TASK TO CARRY OUT –
Transcribe each record exactly. Omit the pictures.

================================

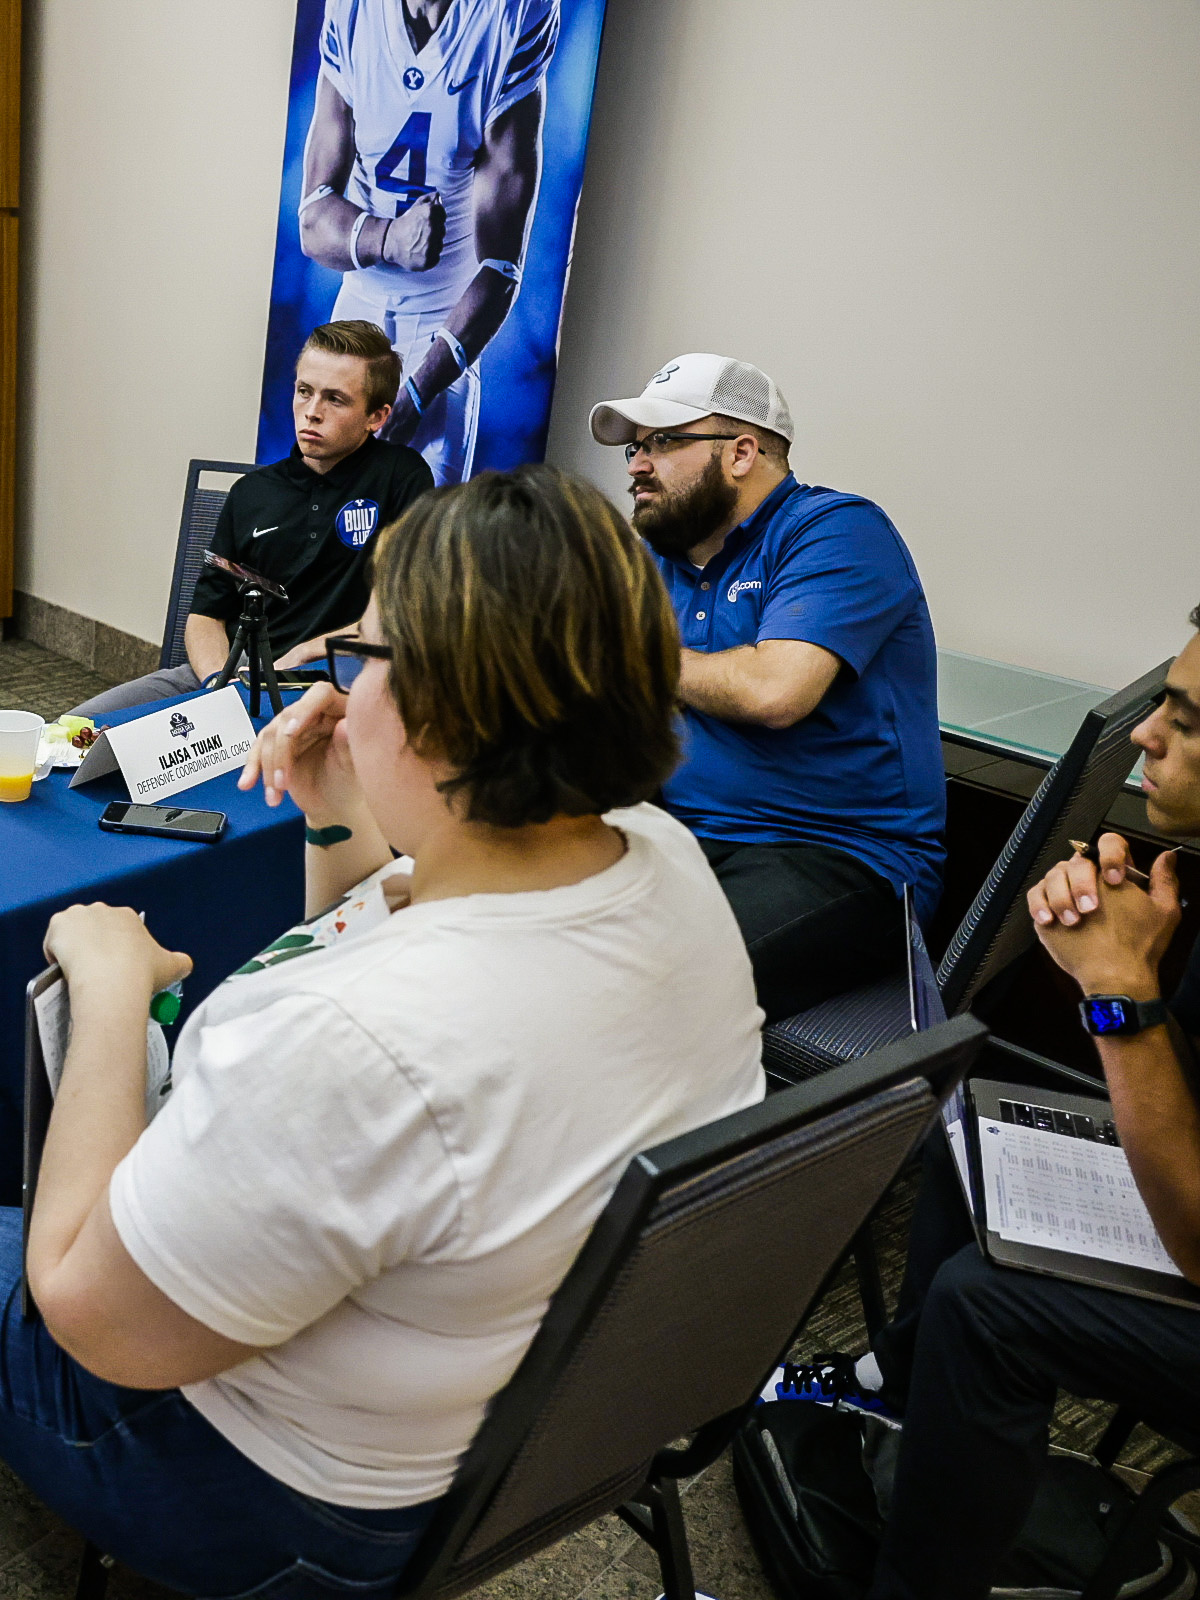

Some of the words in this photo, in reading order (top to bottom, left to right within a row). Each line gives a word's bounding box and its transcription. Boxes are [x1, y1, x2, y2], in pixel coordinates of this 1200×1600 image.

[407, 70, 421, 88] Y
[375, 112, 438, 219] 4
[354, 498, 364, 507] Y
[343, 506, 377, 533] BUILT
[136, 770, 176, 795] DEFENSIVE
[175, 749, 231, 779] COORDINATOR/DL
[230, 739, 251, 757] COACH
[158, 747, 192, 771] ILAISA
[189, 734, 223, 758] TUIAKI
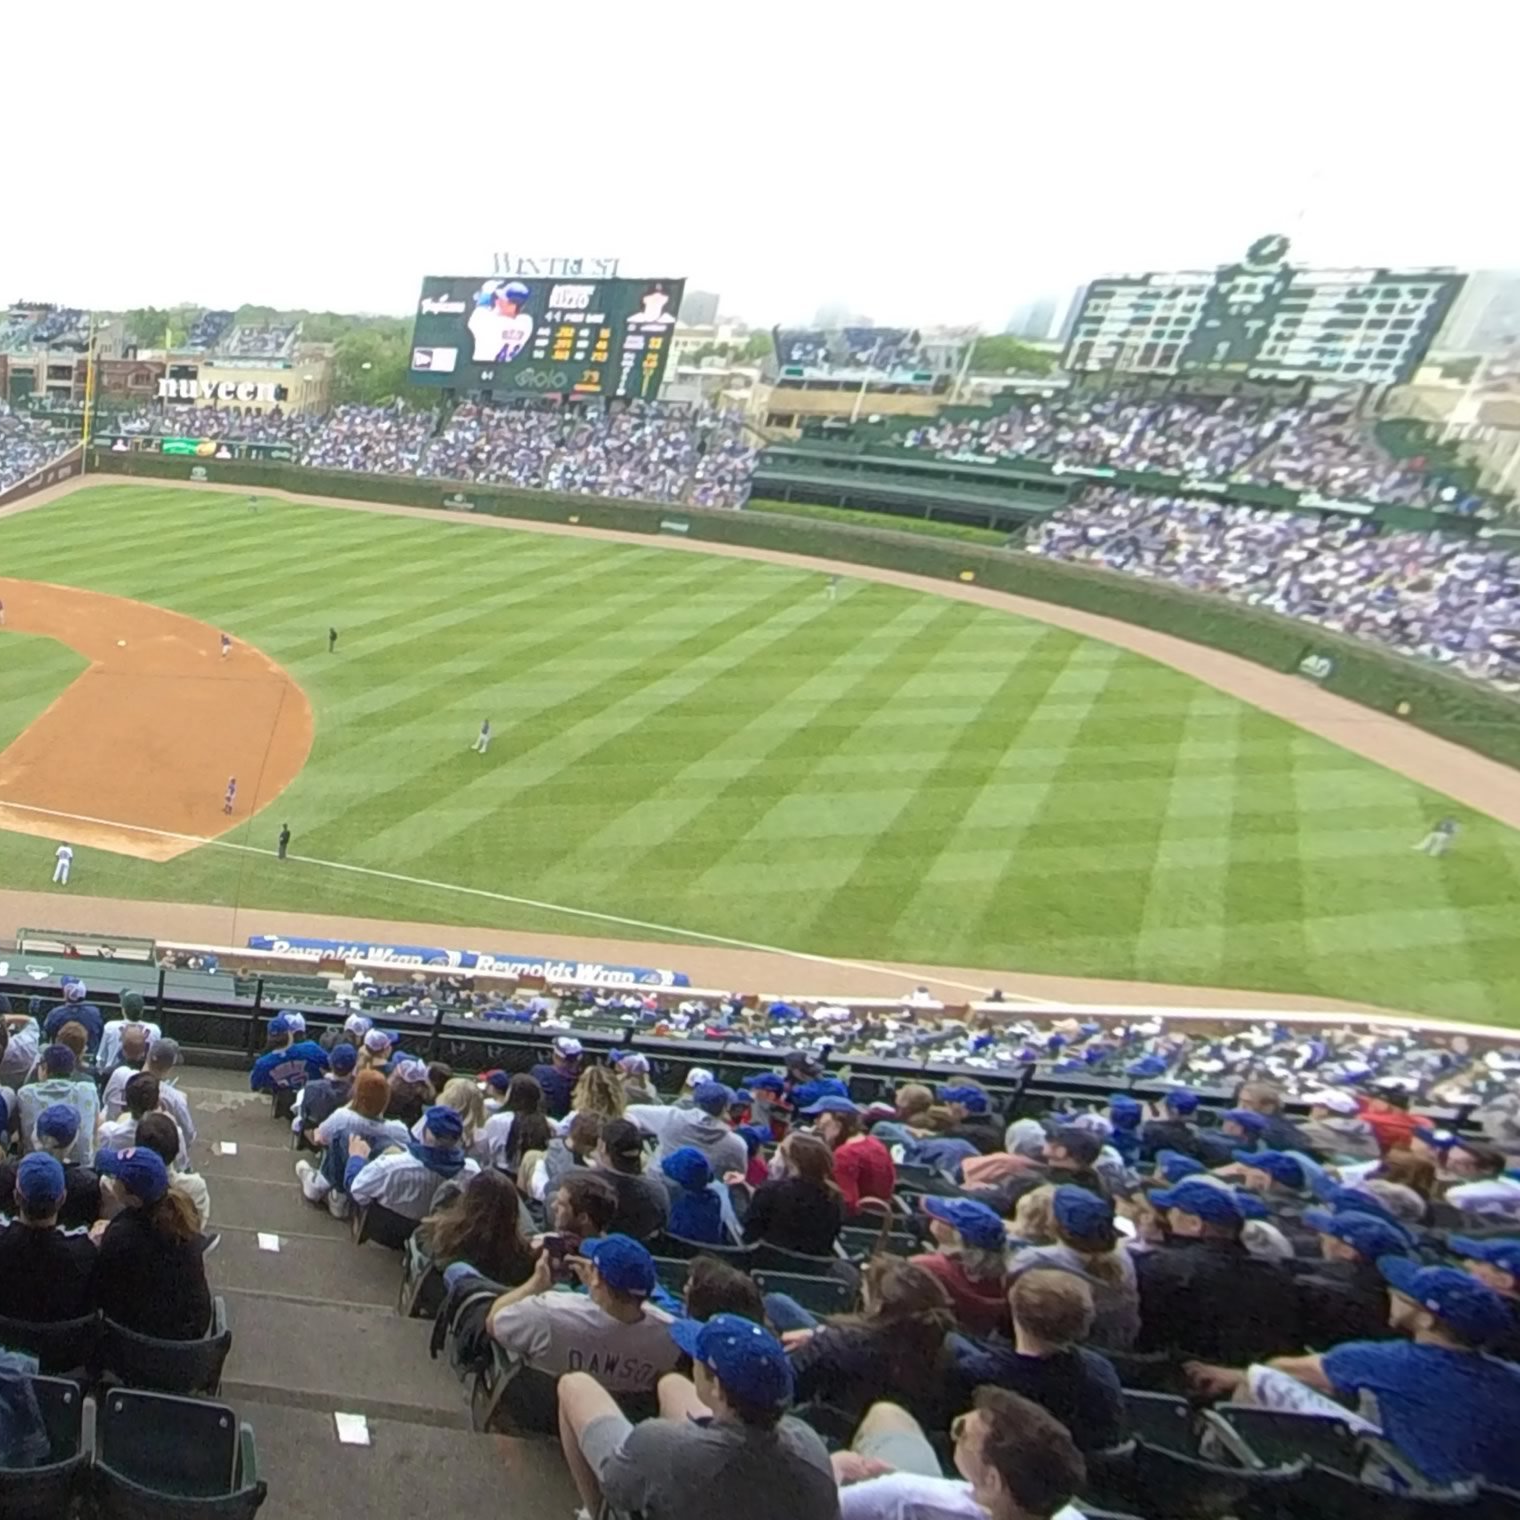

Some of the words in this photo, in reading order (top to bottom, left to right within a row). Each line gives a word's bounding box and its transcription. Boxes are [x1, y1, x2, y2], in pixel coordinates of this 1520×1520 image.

================================

OUTPUT OF THE EXERCISE –
Some of the words in this photo, in reading order (top to bottom, left to right within a row). Each line gives a word's bounding box and its transcription. Boxes are [x1, y1, x2, y2], in pixel coordinates of this 1200×1600 image.

[407, 70, 421, 88] Y
[375, 112, 438, 219] 4
[354, 498, 364, 507] Y
[343, 506, 377, 533] BUILT
[136, 770, 176, 795] DEFENSIVE
[175, 749, 231, 779] COORDINATOR/DL
[230, 739, 251, 757] COACH
[158, 747, 192, 771] ILAISA
[189, 734, 223, 758] TUIAKI

Some of the words in this photo, in reading order (top to bottom, left to right within a row). Each line gives a word's bounding box and its transcription. Boxes are [x1, y1, x2, y2], in pixel coordinates of this 1520×1520 image.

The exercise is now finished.